__Task to complete__. Transcribe all the entries word for word, omitting any pictures they contain.

(Records from a data collection)
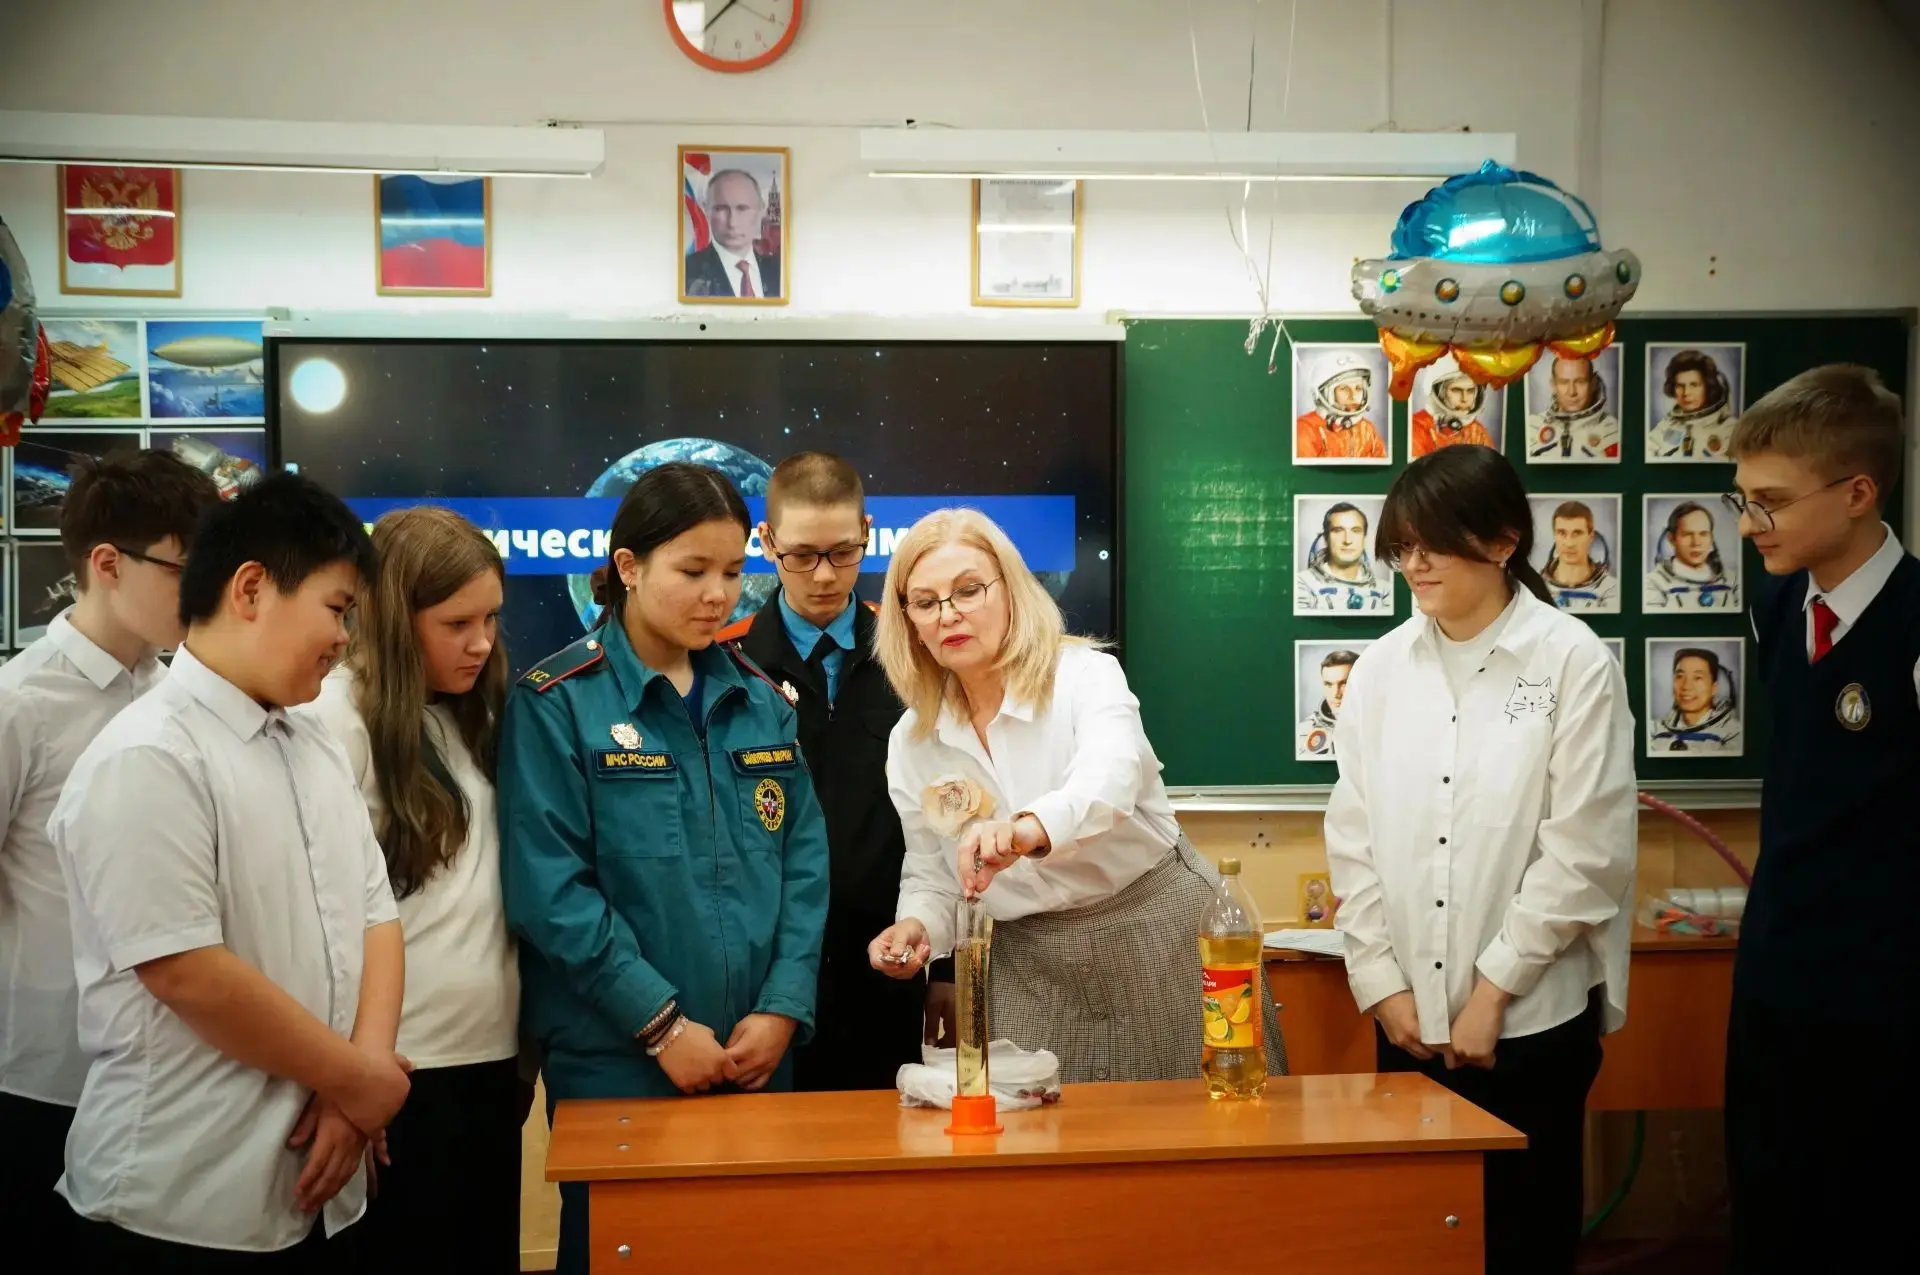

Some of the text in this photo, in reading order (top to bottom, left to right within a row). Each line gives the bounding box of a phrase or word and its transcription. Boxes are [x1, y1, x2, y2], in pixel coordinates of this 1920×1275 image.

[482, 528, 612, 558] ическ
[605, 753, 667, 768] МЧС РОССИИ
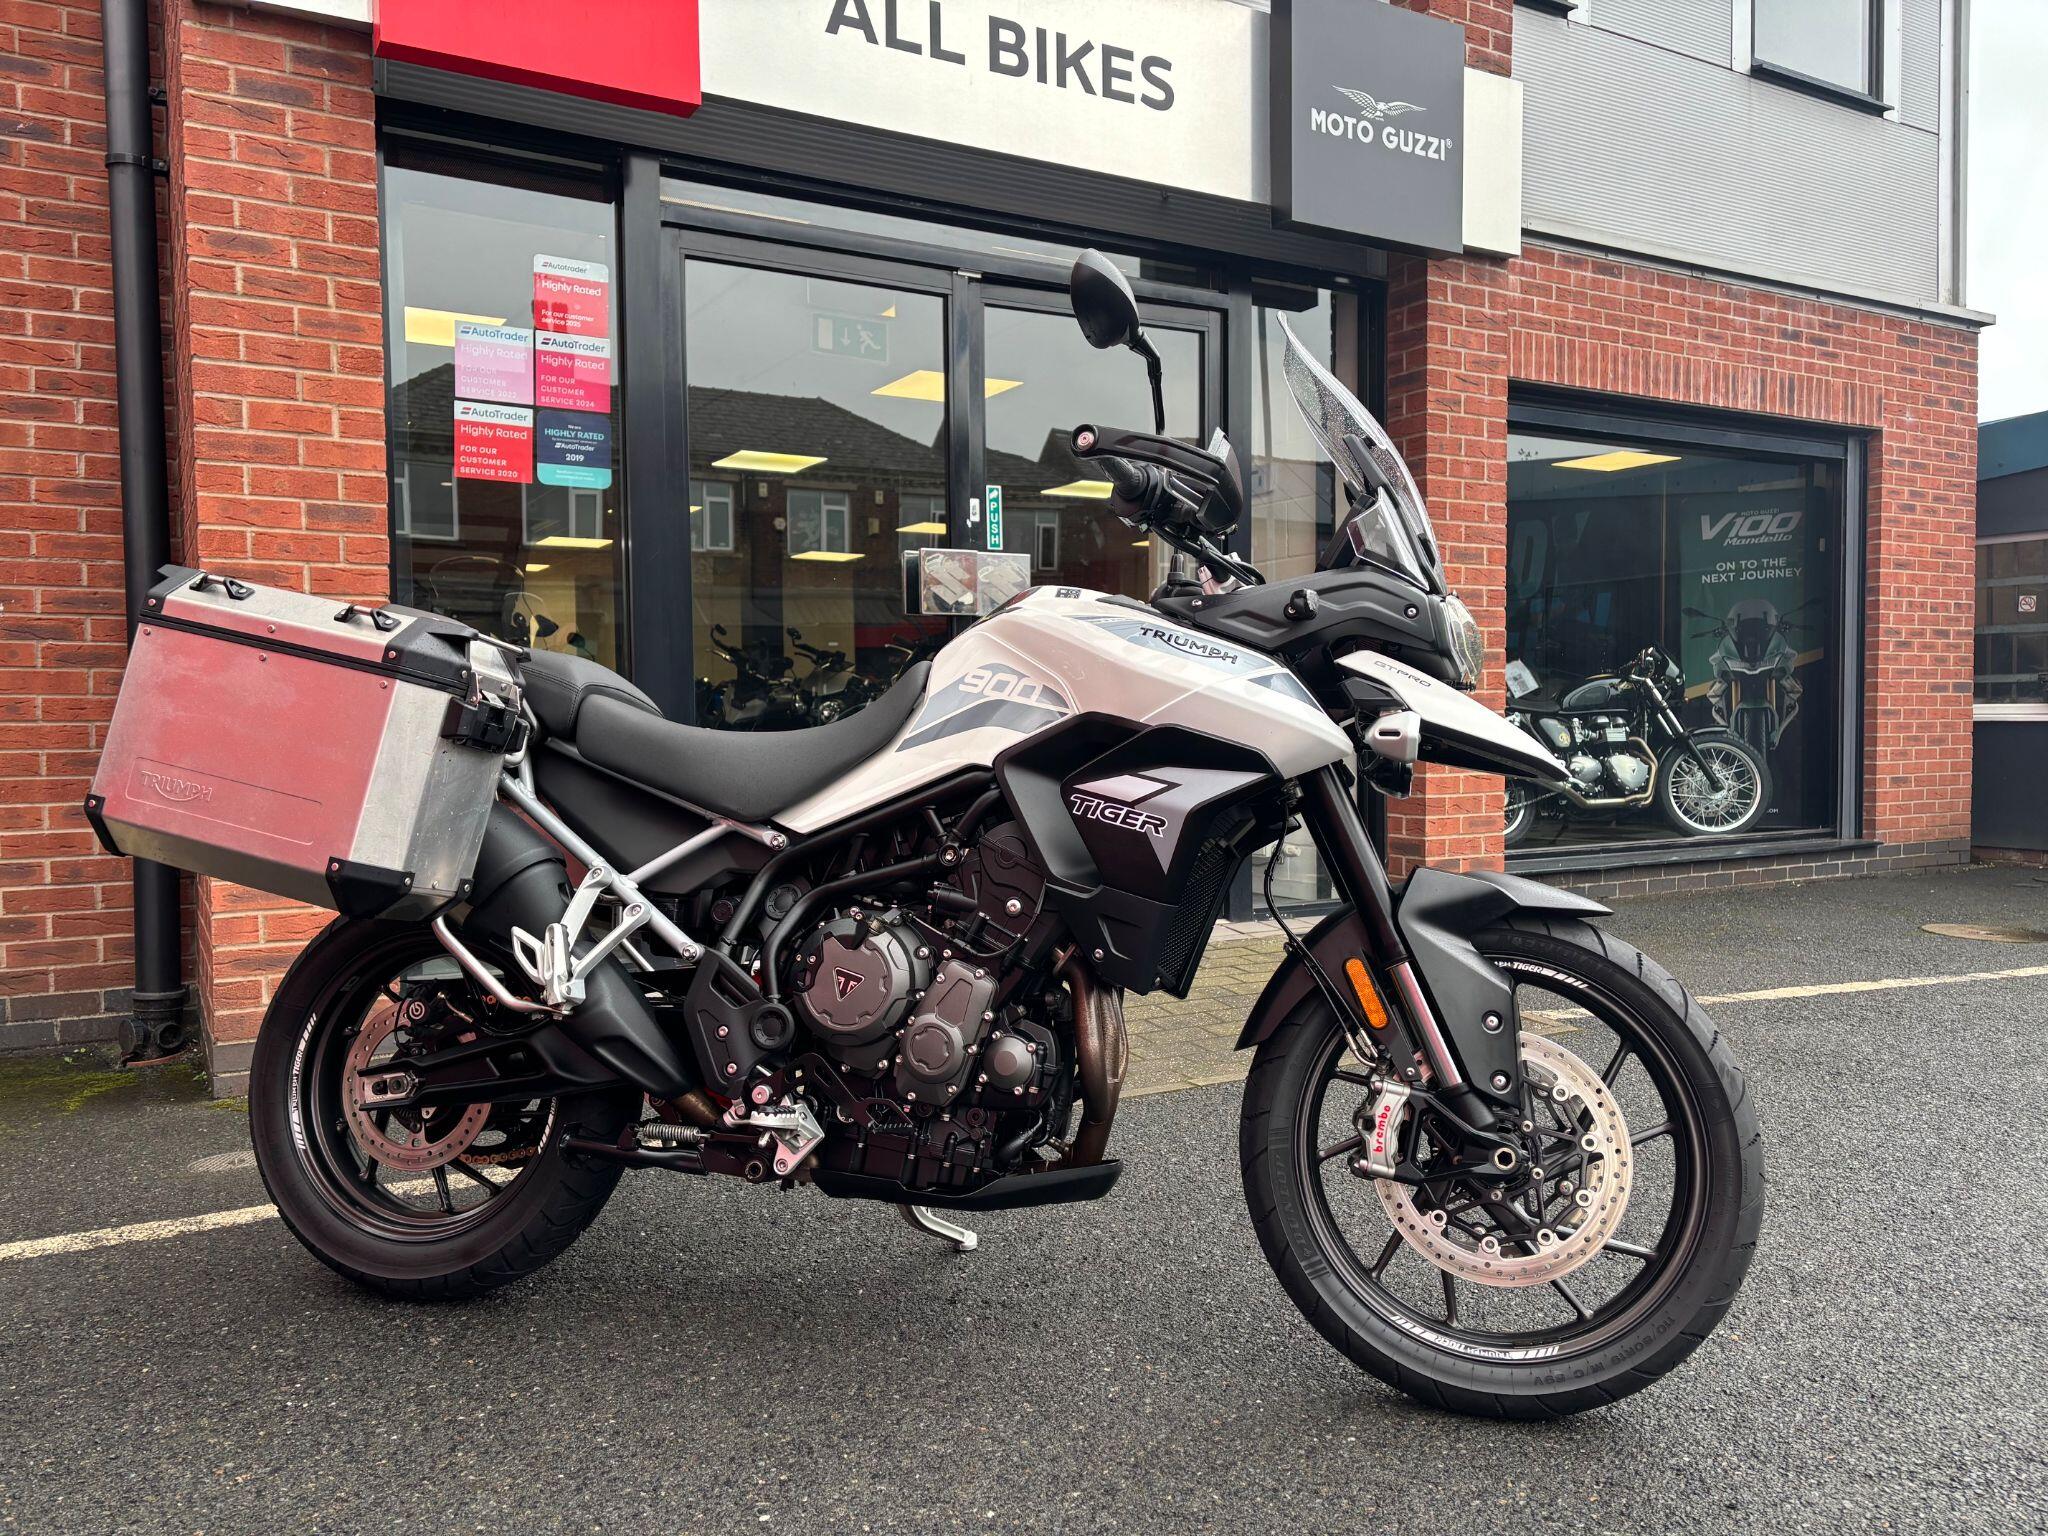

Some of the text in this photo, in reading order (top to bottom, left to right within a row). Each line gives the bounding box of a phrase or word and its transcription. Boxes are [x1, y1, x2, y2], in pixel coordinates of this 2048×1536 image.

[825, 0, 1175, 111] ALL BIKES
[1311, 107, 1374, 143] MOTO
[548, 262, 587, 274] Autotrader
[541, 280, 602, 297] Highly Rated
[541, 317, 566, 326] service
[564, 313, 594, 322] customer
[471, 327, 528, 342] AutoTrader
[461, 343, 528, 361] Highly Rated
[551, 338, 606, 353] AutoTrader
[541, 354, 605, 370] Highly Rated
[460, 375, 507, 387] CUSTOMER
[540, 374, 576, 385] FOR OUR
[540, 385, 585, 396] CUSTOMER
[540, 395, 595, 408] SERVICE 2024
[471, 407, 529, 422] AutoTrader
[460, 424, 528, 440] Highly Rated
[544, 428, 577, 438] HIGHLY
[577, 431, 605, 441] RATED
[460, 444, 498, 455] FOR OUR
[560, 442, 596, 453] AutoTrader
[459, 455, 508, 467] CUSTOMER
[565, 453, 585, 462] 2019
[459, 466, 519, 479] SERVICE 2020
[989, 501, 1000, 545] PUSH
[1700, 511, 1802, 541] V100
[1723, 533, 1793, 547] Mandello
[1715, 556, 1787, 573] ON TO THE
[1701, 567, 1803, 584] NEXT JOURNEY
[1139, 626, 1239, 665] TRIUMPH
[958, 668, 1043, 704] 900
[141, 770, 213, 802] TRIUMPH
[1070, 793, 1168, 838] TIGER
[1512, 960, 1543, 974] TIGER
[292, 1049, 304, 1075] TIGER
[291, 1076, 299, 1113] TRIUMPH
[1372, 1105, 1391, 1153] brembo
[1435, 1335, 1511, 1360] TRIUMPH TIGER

__Finished task__.
Some of the text in this photo, in reading order (top to bottom, left to right within a row). Each line gives the bounding box of a phrase or word and its transcription. Boxes are [x1, y1, x2, y2], in pixel coordinates of this 1920×1275 image.

[482, 528, 612, 558] ическ
[605, 753, 667, 768] МЧС РОССИИ

Some of the text in this photo, in reading order (top to bottom, left to right within a row). Each line gives the bounding box of a phrase or word and its transcription. Boxes are [x1, y1, x2, y2], in pixel coordinates of this 2048×1536 image.

[825, 0, 1175, 111] ALL BIKES
[1311, 107, 1374, 143] MOTO
[548, 262, 587, 274] Autotrader
[541, 280, 602, 297] Highly Rated
[541, 317, 566, 326] service
[564, 313, 594, 322] customer
[471, 327, 528, 342] AutoTrader
[461, 343, 528, 361] Highly Rated
[551, 338, 606, 353] AutoTrader
[541, 354, 605, 370] Highly Rated
[460, 375, 507, 387] CUSTOMER
[540, 374, 576, 385] FOR OUR
[540, 385, 585, 396] CUSTOMER
[540, 395, 595, 408] SERVICE 2024
[471, 407, 529, 422] AutoTrader
[460, 424, 528, 440] Highly Rated
[544, 428, 577, 438] HIGHLY
[577, 431, 605, 441] RATED
[460, 444, 498, 455] FOR OUR
[560, 442, 596, 453] AutoTrader
[459, 455, 508, 467] CUSTOMER
[565, 453, 585, 462] 2019
[459, 466, 519, 479] SERVICE 2020
[989, 501, 1000, 545] PUSH
[1700, 511, 1802, 541] V100
[1723, 533, 1793, 547] Mandello
[1715, 556, 1787, 573] ON TO THE
[1701, 567, 1803, 584] NEXT JOURNEY
[1139, 626, 1239, 665] TRIUMPH
[958, 668, 1043, 704] 900
[141, 770, 213, 802] TRIUMPH
[1070, 793, 1168, 838] TIGER
[1512, 960, 1543, 974] TIGER
[292, 1049, 304, 1075] TIGER
[291, 1076, 299, 1113] TRIUMPH
[1372, 1105, 1391, 1153] brembo
[1435, 1335, 1511, 1360] TRIUMPH TIGER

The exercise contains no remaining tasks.